### WHAT THE TASK ASKS
Although the records contain pictures, only their text should be reproduced, exactly as written.

### DATA FOR THIS EXERCISE
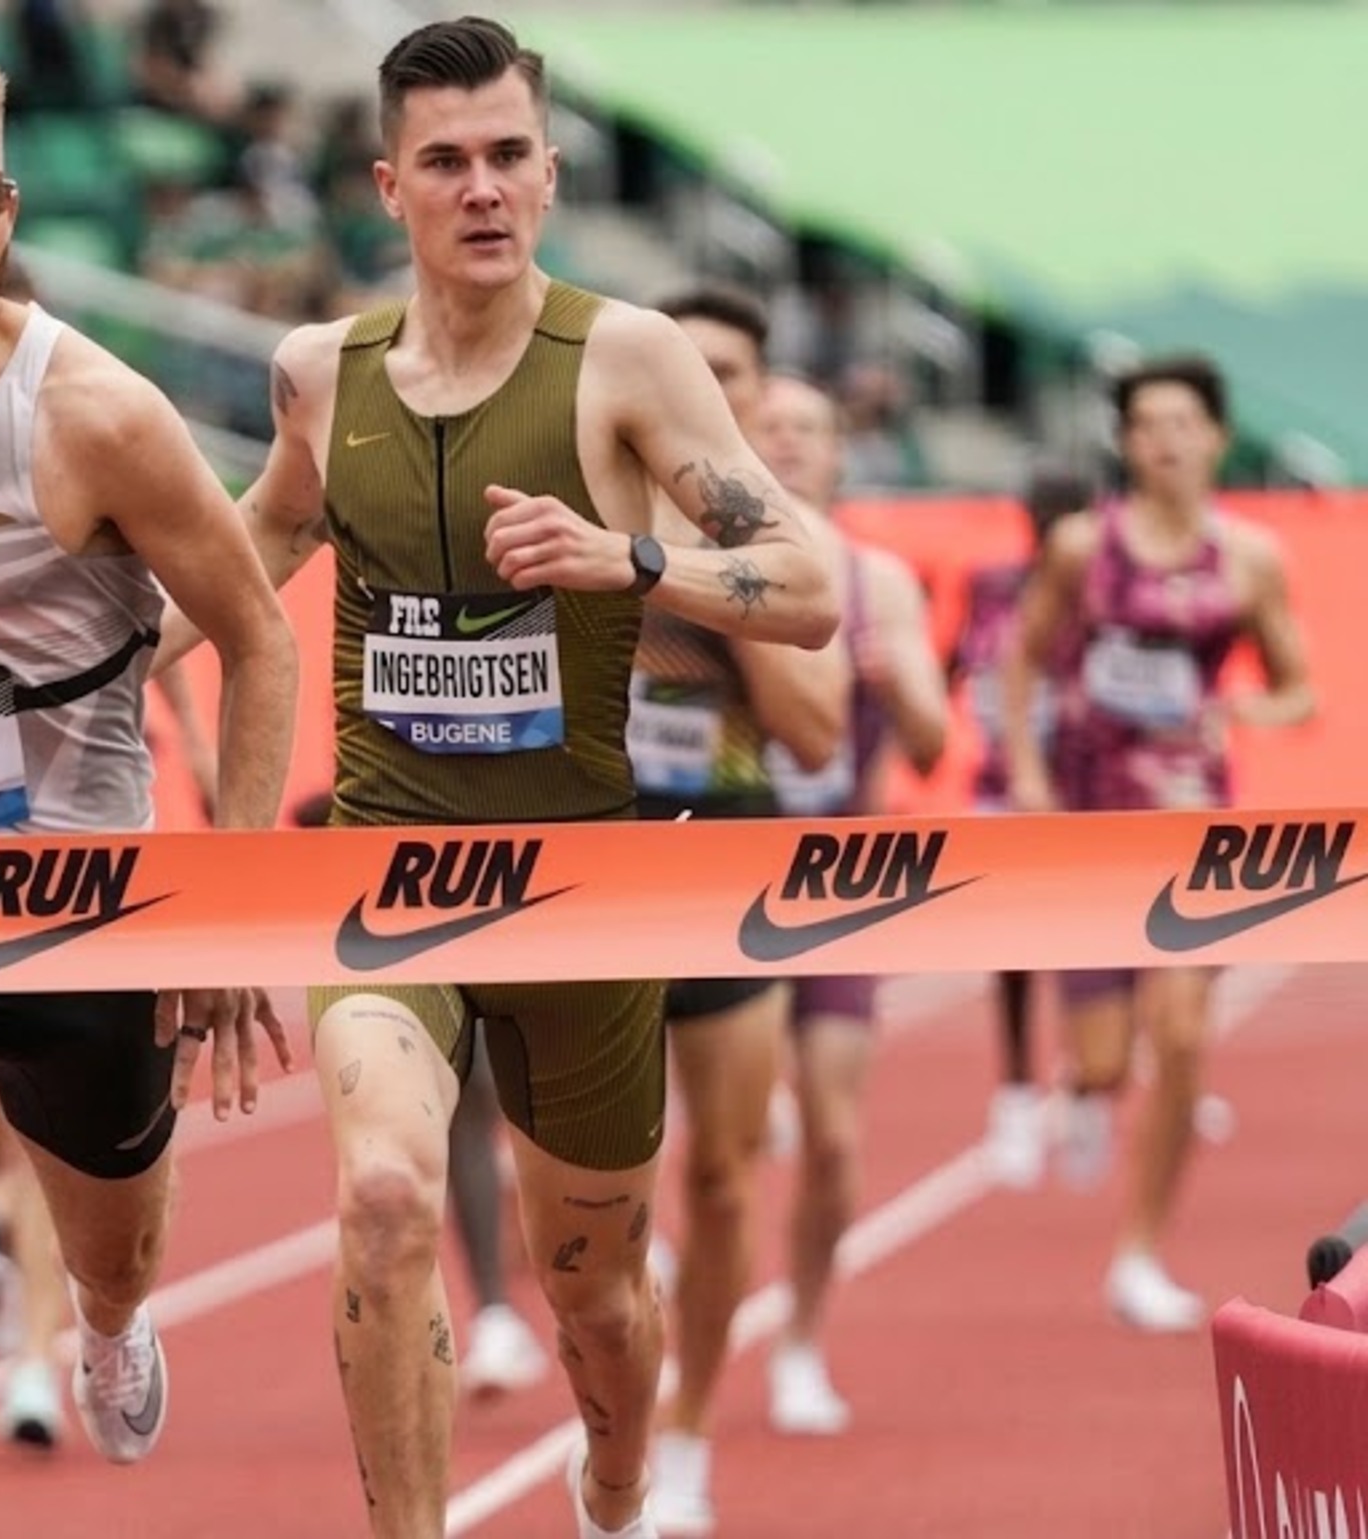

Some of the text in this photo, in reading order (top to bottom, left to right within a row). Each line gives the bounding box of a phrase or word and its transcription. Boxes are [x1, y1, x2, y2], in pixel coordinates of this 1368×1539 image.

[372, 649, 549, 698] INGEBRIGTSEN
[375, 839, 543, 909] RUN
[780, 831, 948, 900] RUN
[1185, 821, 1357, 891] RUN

### TASK SOLUTION
Some of the text in this photo, in reading order (top to bottom, left to right within a row). Each line gives the bounding box of a phrase or word and its transcription. Boxes are [x1, y1, x2, y2], in pixel coordinates of this 1368×1539 image.

[372, 649, 549, 698] INGEBRIGTSEN
[375, 839, 543, 909] RUN
[780, 831, 948, 900] RUN
[1185, 821, 1357, 891] RUN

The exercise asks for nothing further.